Economists and inequality: Is it true we’ve been ignoring it?

In a recent interview with Piketty about his book Capital, the interviewer had some questions I found … strange:

Your book fits oddly into the canon of contemporary economics. It focuses not on growth and its determinants, but on how the spoils of growth are divided.

For much of the last century, economists told us that we didn’t have to worry about income inequality. The market economy would naturally spread riches fairly, lifting all boats.

Now Piketty does not suggest that economists haven’t been looking at the issue, his answers pretty clear and on point.  My problem is with the myth being pushed by the interviewer.

One of the legends of the field of studying income inequality, Atkinson, wrote a paper for his presidential address to the Royal Economic Society in 1996 (the paper was in 1997 (REPEC) [Note:  Atkinson kicked off the modern field of income inequality research in Atkinson 1970 (REPEC) – yes there was work before him, but this paper started the field in its current form].  In the paper he says that we need to bring the study of distribution back in from “out of the cold” – and he states that the events of the 1990s have led to just that.  Since then there has been a lot of work on income distribution, with a recent author (I will update with a link later – I believe it is Jenkins, but the book is in the office.  Update:  Yar it was Jenkins and Van Kerm in Chapter three of the Oxford Handbook of Economic Inequality) claiming that much of the theoretical and direct measurement work was done – and that what we needed going forward was more data (Update:  In their four recommendations there are three around data, and a final one on “explanatory models” for the distribution – with a focus on specific mechanisms.  Can’t help but agree!).
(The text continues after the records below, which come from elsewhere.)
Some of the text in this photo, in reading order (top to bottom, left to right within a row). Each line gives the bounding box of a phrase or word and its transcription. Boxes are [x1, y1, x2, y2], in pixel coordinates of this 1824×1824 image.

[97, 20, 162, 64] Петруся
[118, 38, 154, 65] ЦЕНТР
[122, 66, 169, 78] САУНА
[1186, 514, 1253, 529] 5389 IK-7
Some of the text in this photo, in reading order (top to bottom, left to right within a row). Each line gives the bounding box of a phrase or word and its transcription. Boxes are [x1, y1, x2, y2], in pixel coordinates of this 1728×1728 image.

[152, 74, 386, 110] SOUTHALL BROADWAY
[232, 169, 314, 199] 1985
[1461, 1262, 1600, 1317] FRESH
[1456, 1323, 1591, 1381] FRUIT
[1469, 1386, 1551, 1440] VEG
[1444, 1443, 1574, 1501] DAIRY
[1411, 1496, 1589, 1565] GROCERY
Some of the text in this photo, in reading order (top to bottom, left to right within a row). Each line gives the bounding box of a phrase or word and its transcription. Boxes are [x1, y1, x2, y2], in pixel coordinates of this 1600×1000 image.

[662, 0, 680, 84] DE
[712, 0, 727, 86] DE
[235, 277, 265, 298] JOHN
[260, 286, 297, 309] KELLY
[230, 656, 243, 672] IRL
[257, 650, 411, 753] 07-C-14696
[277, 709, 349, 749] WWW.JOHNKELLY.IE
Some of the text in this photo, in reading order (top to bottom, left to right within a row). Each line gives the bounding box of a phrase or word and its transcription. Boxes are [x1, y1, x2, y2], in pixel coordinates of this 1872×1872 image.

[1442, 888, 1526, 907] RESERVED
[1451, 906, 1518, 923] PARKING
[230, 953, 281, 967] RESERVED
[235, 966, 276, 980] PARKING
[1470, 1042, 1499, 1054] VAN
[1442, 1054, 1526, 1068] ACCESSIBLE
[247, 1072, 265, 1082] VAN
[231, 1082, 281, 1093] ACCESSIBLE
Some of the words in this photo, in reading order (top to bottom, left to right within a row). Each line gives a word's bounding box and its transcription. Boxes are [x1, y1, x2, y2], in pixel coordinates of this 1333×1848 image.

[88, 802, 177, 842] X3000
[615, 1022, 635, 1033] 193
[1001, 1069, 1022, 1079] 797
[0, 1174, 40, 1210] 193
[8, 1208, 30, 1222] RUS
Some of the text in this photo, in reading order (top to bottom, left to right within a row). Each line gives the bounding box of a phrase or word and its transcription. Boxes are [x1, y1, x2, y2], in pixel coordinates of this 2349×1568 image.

However, even this overstates the claim that income distribution work was unloved.  In the Atkinson 1997 paper he notes that there is literature on distribution at this point in time (although less than international economics) – but that literature was primarily on factor shares (the Ricardian approach), not household/individual level (the Paretian approach).  His call to bring the discipline in the from the cold was largely about doing more on household data – rather than the factor share work which also gets significant play in macroeconomics and international economics, as well as income distribution.

In that way it is important to note that Piketty’s book is about factor shares!

Ultimately, the myth that economists haven’t been looking at the issue just isn’t true.  Yes people who work in the field think more exciting work has value (and in this case I think it does) – but acting as if economists as a group have treated distributional concerns as inconsequential is so incredibly different to the work I’ve read and economists I’ve talked to that I had to call it out.

A “rising tide lifts all boats” is an assumption of politicians and ideologs, not economists.  An economist asks “what sort of tide is it, how do the boats function in tide, and how may we infer how the boats subjectively feel about rising”.